▸ **What this task involves**: All entries below need to be written out exactly, but without their pictures.

▸ **Data excerpts**:
____

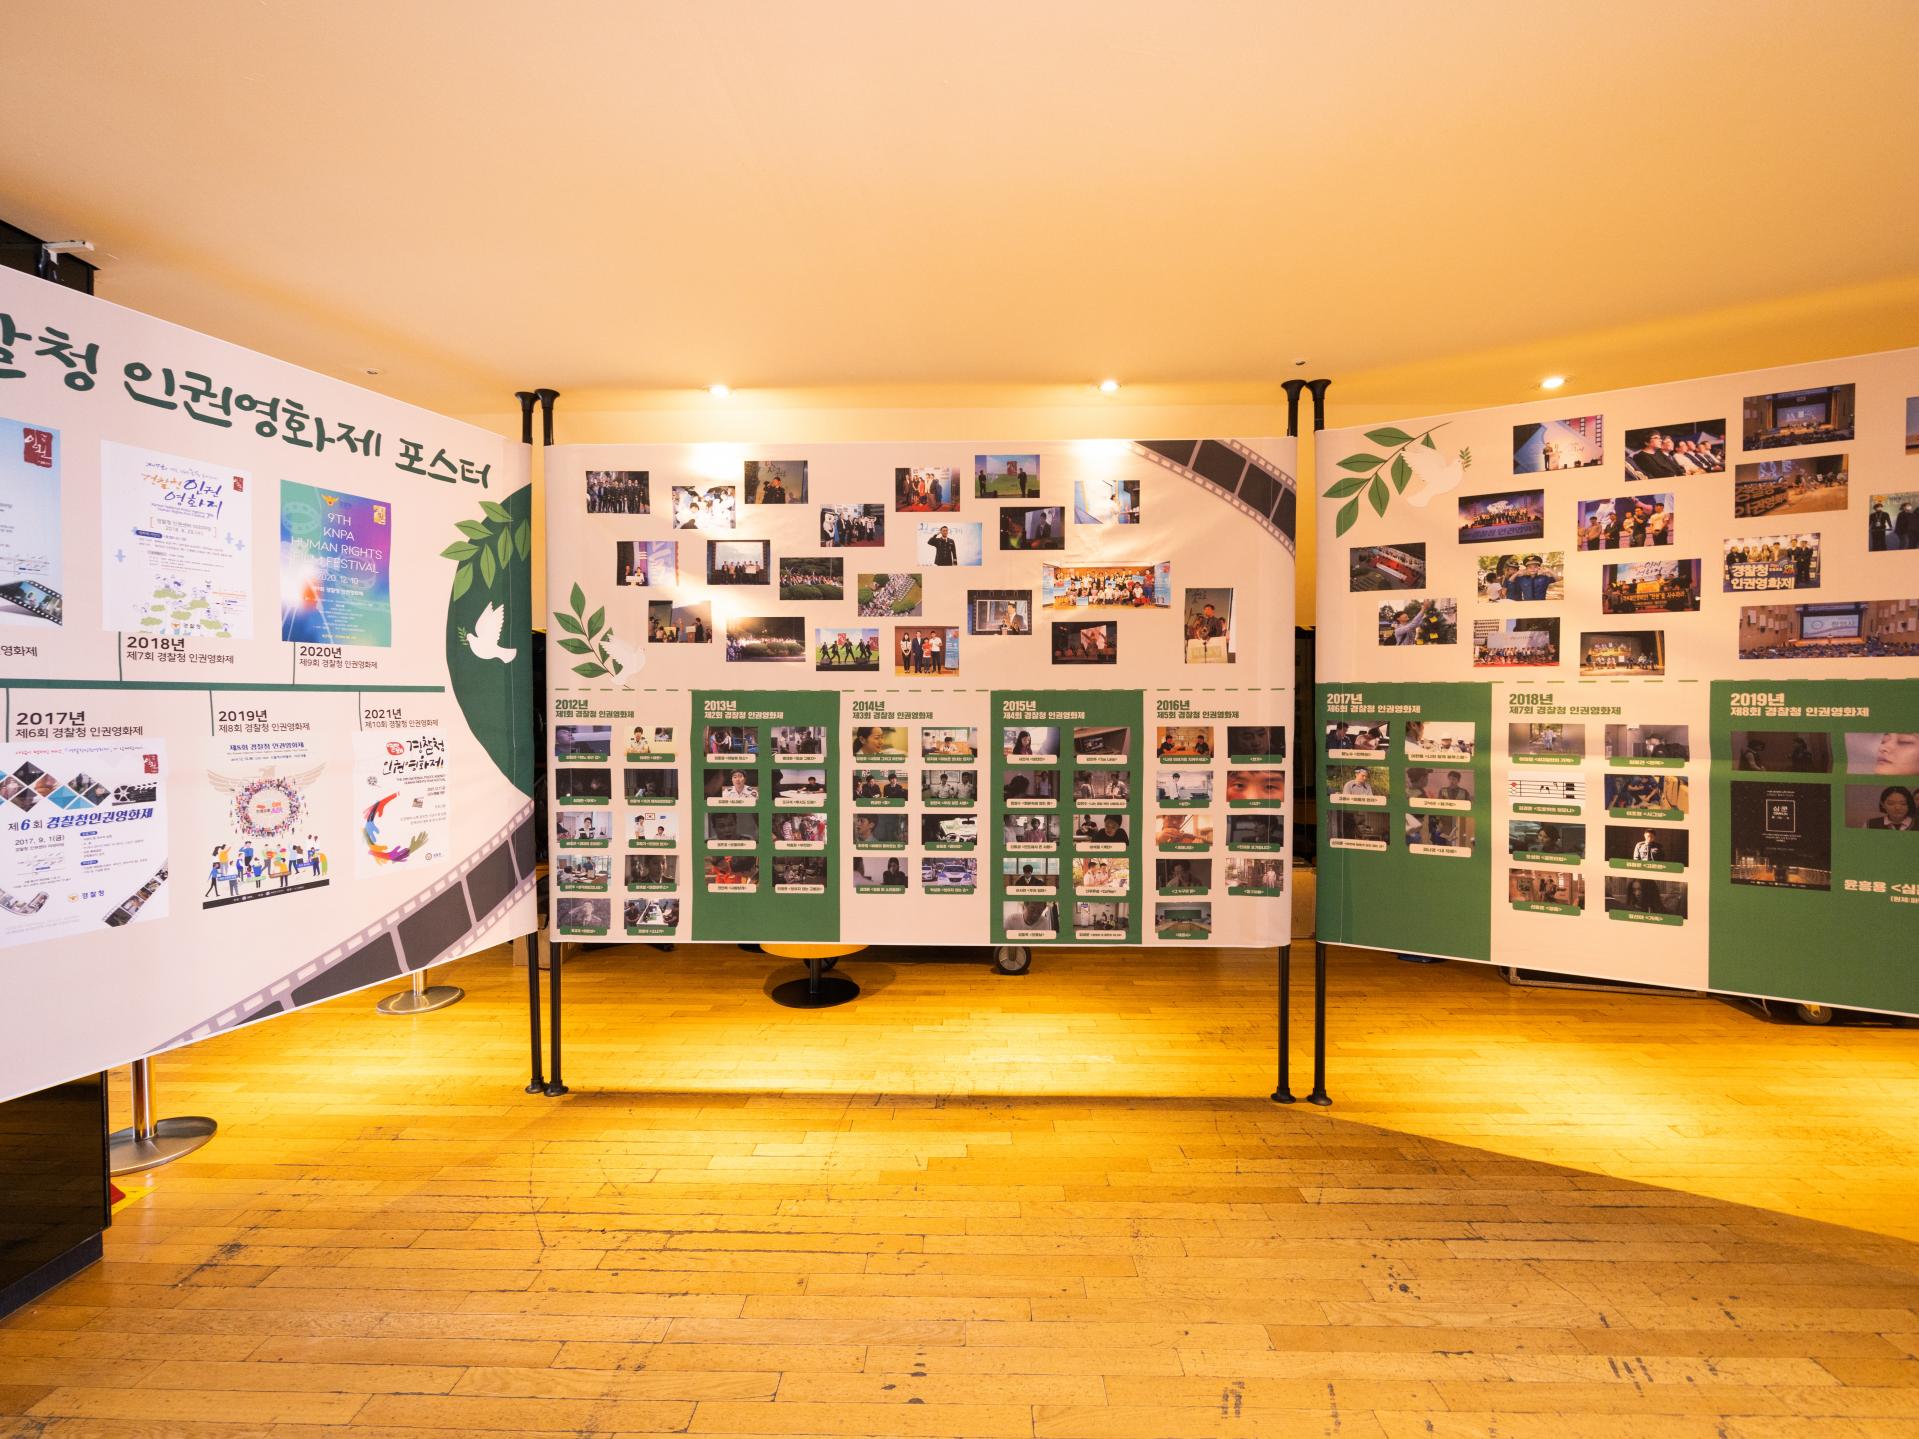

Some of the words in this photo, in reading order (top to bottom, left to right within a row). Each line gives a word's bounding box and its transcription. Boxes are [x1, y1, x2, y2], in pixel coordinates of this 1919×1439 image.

[124, 362, 382, 457] 인권영화제
[395, 438, 491, 488] 포스터
[184, 480, 222, 497] 인권
[165, 491, 222, 520] 영화제
[327, 512, 351, 526] 9TH
[323, 527, 355, 541] KNPA
[291, 536, 338, 553] HUMAN
[341, 544, 383, 560] RIGHTS
[326, 556, 379, 573] FESTIVAL
[1732, 564, 1769, 577] 경찰청
[1731, 577, 1796, 589] 인권영화제
[127, 637, 185, 651] 2018년
[0, 645, 38, 657] 영화제
[300, 646, 341, 659] 2020년
[126, 651, 154, 661] 제7회
[157, 652, 186, 663] 경찰청
[188, 653, 234, 664] 인권영화제
[299, 658, 320, 667] 제9회
[322, 659, 343, 668] 경찰청
[345, 660, 378, 669] 인권영화제
[1327, 693, 1362, 704] 2017년
[1509, 693, 1553, 705] 2018년
[1730, 693, 1784, 706] 2019년
[555, 700, 588, 710] 2012년
[704, 701, 736, 711] 2013년
[852, 701, 885, 711] 2014년
[1003, 701, 1036, 711] 2015년
[1157, 700, 1190, 710] 2016년
[1327, 705, 1348, 713] 제6회
[1350, 705, 1375, 713] 경찰청
[1378, 705, 1421, 713] 인권영화제
[1509, 706, 1534, 714] 제7회
[1536, 706, 1566, 715] 경찰청
[1569, 706, 1621, 715] 인권영화제
[218, 710, 268, 723] 2019년
[365, 708, 402, 720] 2021년
[748, 712, 783, 720] 인권영화제
[1003, 712, 1022, 720] 제4회
[1025, 712, 1046, 720] 경찰청
[1048, 712, 1085, 720] 인권영화제
[1157, 711, 1176, 719] 제5회
[1179, 711, 1200, 719] 경찰청
[1202, 711, 1239, 719] 인권영화제
[1730, 707, 1761, 716] 제8회
[1765, 707, 1801, 717] 경찰청
[1805, 707, 1869, 717] 인권영화제
[16, 711, 85, 726] 2017년
[365, 720, 388, 729] 제10회
[389, 720, 408, 729] 경찰청
[409, 719, 438, 728] 인권영화제
[16, 727, 48, 739] 제6회
[52, 727, 87, 739] 경찰청
[90, 726, 143, 737] 인권영화제
[219, 723, 242, 733] 제8회
[245, 723, 269, 733] 경찰청
[272, 722, 310, 732] 인권영화제
[406, 736, 445, 756] 경찰청
[383, 755, 444, 775] 인권영화제
[46, 807, 154, 829] 경찰청인권영화제
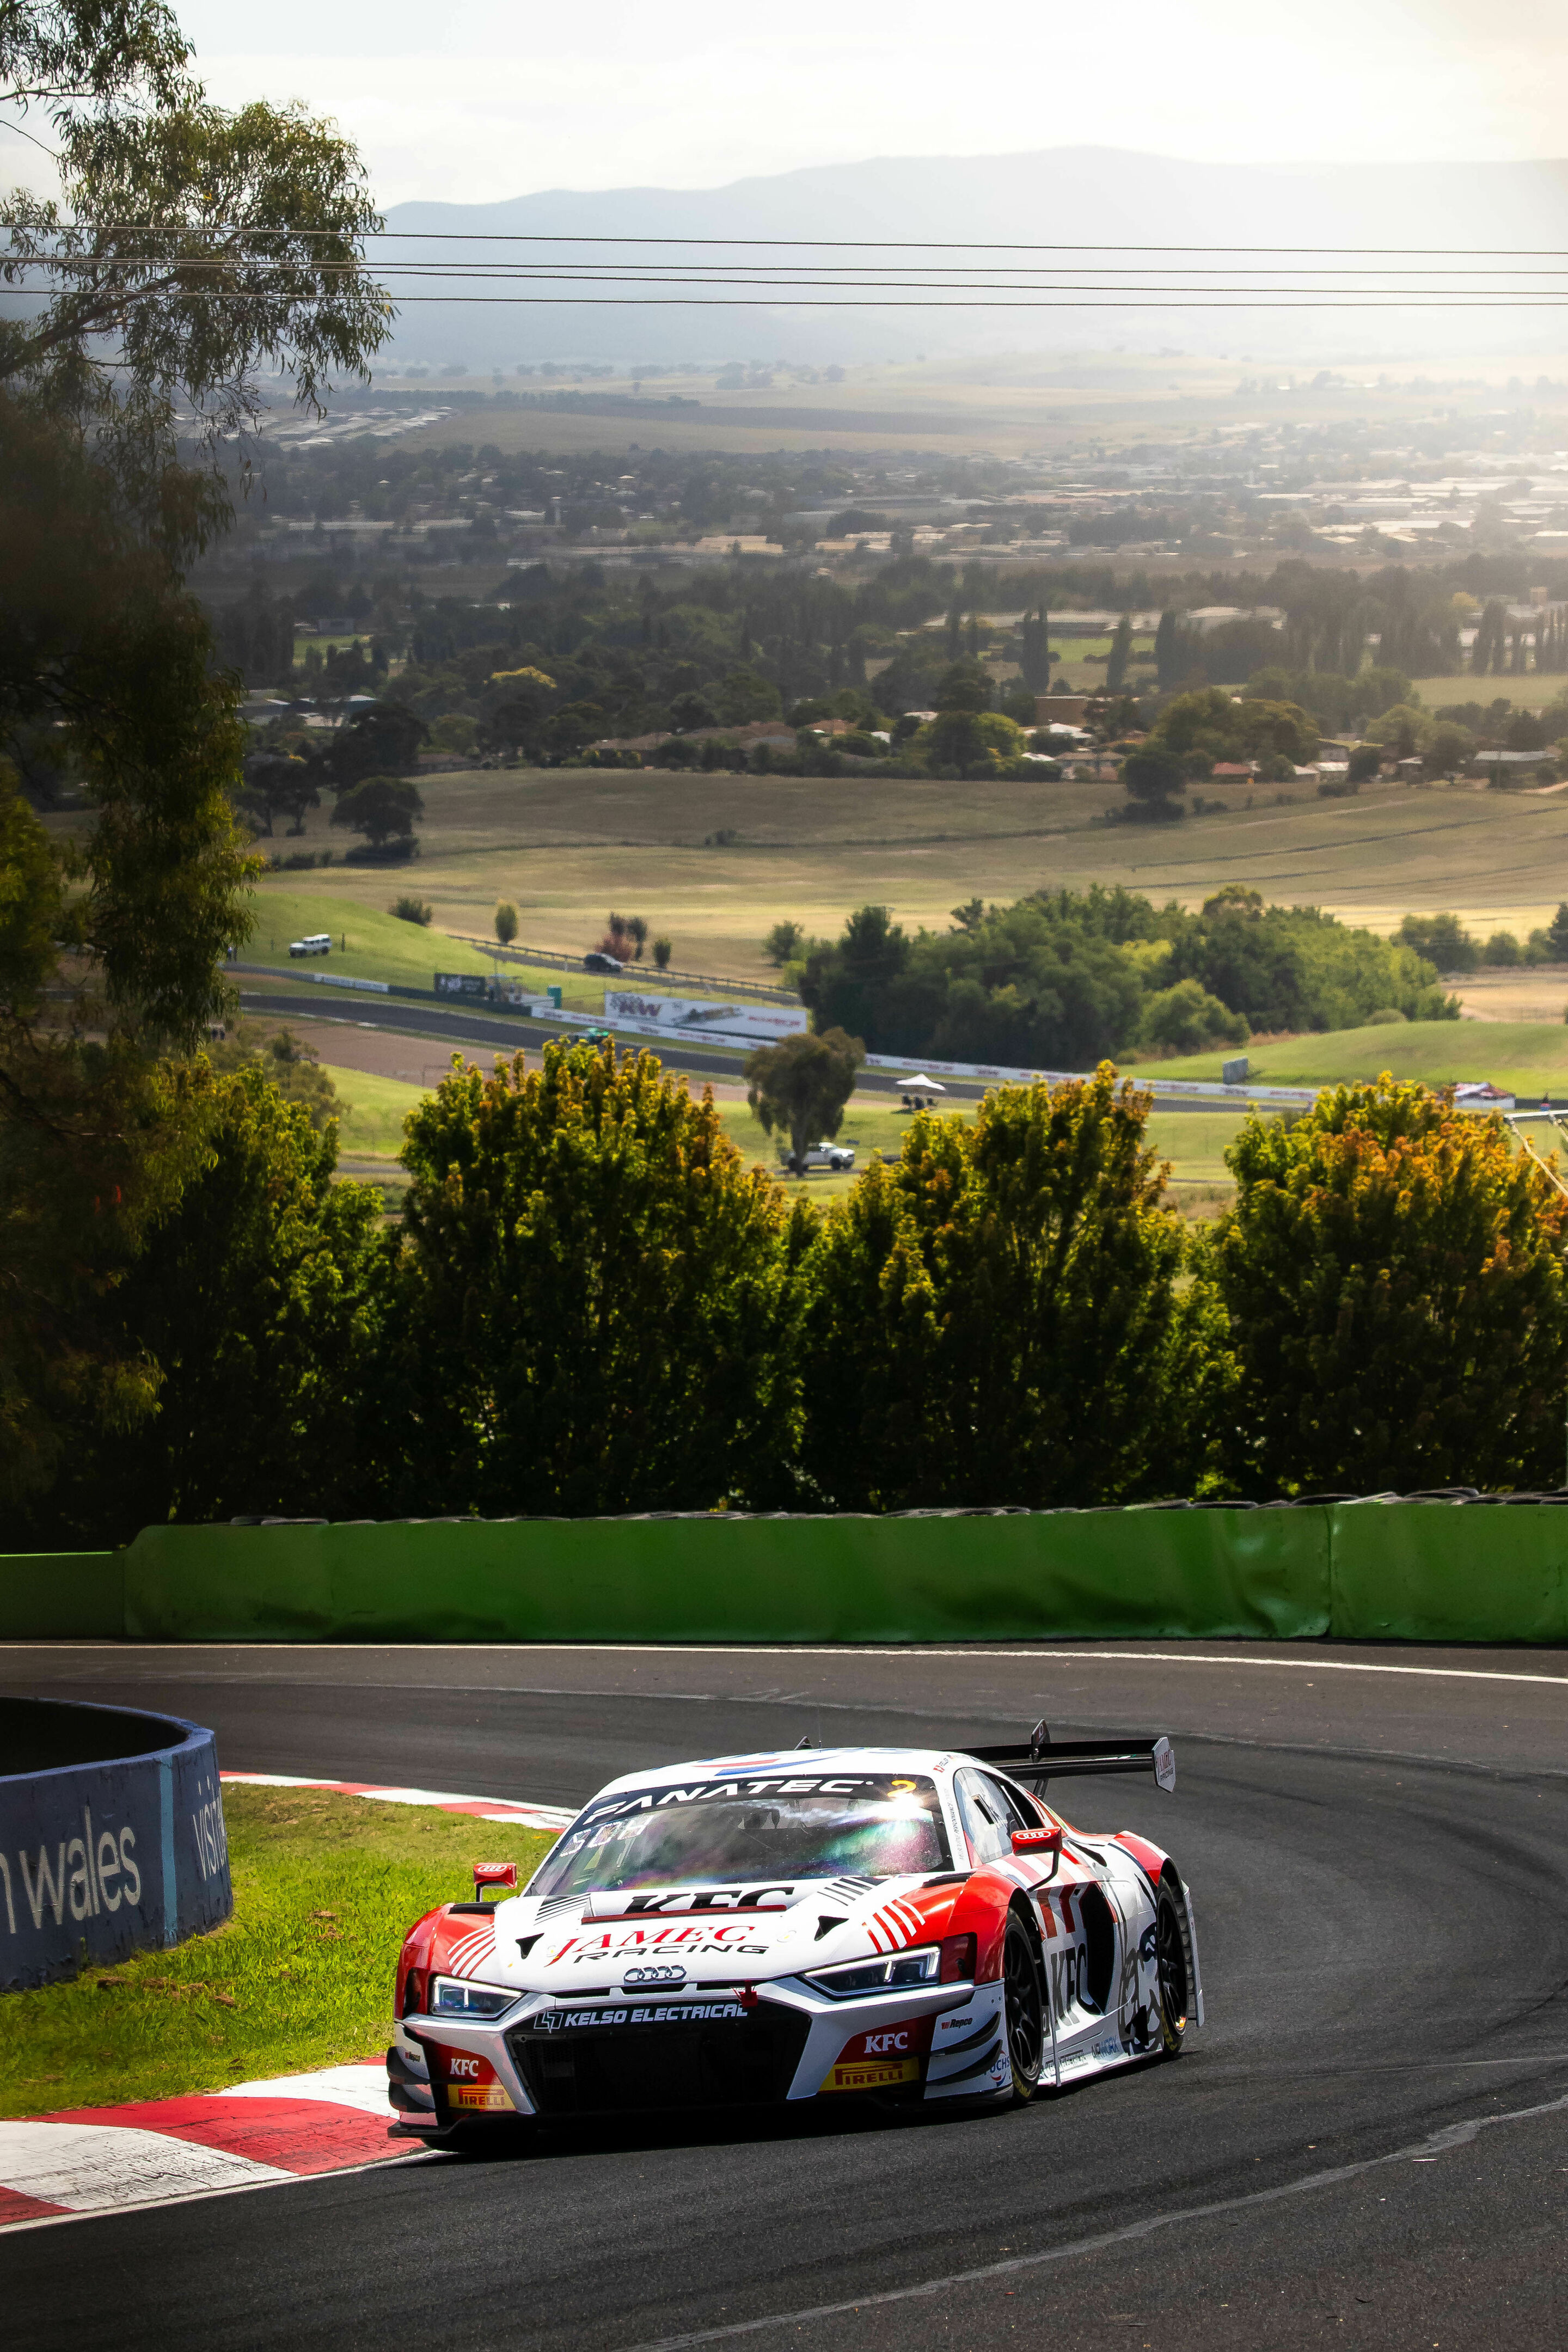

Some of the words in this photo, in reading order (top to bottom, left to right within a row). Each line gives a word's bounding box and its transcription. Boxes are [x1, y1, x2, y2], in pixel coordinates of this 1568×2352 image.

____

▸ **Result for this exercise**:
Some of the words in this photo, in reading order (top to bottom, left to right within a row). Each line gives a word's bounding box and its transcription. Boxes are [x1, y1, x2, y2], in pixel coordinates of this 1919×1439 image.

[124, 362, 382, 457] 인권영화제
[395, 438, 491, 488] 포스터
[184, 480, 222, 497] 인권
[165, 491, 222, 520] 영화제
[327, 512, 351, 526] 9TH
[323, 527, 355, 541] KNPA
[291, 536, 338, 553] HUMAN
[341, 544, 383, 560] RIGHTS
[326, 556, 379, 573] FESTIVAL
[1732, 564, 1769, 577] 경찰청
[1731, 577, 1796, 589] 인권영화제
[127, 637, 185, 651] 2018년
[0, 645, 38, 657] 영화제
[300, 646, 341, 659] 2020년
[126, 651, 154, 661] 제7회
[157, 652, 186, 663] 경찰청
[188, 653, 234, 664] 인권영화제
[299, 658, 320, 667] 제9회
[322, 659, 343, 668] 경찰청
[345, 660, 378, 669] 인권영화제
[1327, 693, 1362, 704] 2017년
[1509, 693, 1553, 705] 2018년
[1730, 693, 1784, 706] 2019년
[555, 700, 588, 710] 2012년
[704, 701, 736, 711] 2013년
[852, 701, 885, 711] 2014년
[1003, 701, 1036, 711] 2015년
[1157, 700, 1190, 710] 2016년
[1327, 705, 1348, 713] 제6회
[1350, 705, 1375, 713] 경찰청
[1378, 705, 1421, 713] 인권영화제
[1509, 706, 1534, 714] 제7회
[1536, 706, 1566, 715] 경찰청
[1569, 706, 1621, 715] 인권영화제
[218, 710, 268, 723] 2019년
[365, 708, 402, 720] 2021년
[748, 712, 783, 720] 인권영화제
[1003, 712, 1022, 720] 제4회
[1025, 712, 1046, 720] 경찰청
[1048, 712, 1085, 720] 인권영화제
[1157, 711, 1176, 719] 제5회
[1179, 711, 1200, 719] 경찰청
[1202, 711, 1239, 719] 인권영화제
[1730, 707, 1761, 716] 제8회
[1765, 707, 1801, 717] 경찰청
[1805, 707, 1869, 717] 인권영화제
[16, 711, 85, 726] 2017년
[365, 720, 388, 729] 제10회
[389, 720, 408, 729] 경찰청
[409, 719, 438, 728] 인권영화제
[16, 727, 48, 739] 제6회
[52, 727, 87, 739] 경찰청
[90, 726, 143, 737] 인권영화제
[219, 723, 242, 733] 제8회
[245, 723, 269, 733] 경찰청
[272, 722, 310, 732] 인권영화제
[406, 736, 445, 756] 경찰청
[383, 755, 444, 775] 인권영화제
[46, 807, 154, 829] 경찰청인권영화제

Some of the words in this photo, in reading order (top to bottom, left to right within a row). Each line gives a word's bounding box and its transcription. Boxes are [x1, y1, x2, y2], in pixel coordinates of this 1568×2352 image.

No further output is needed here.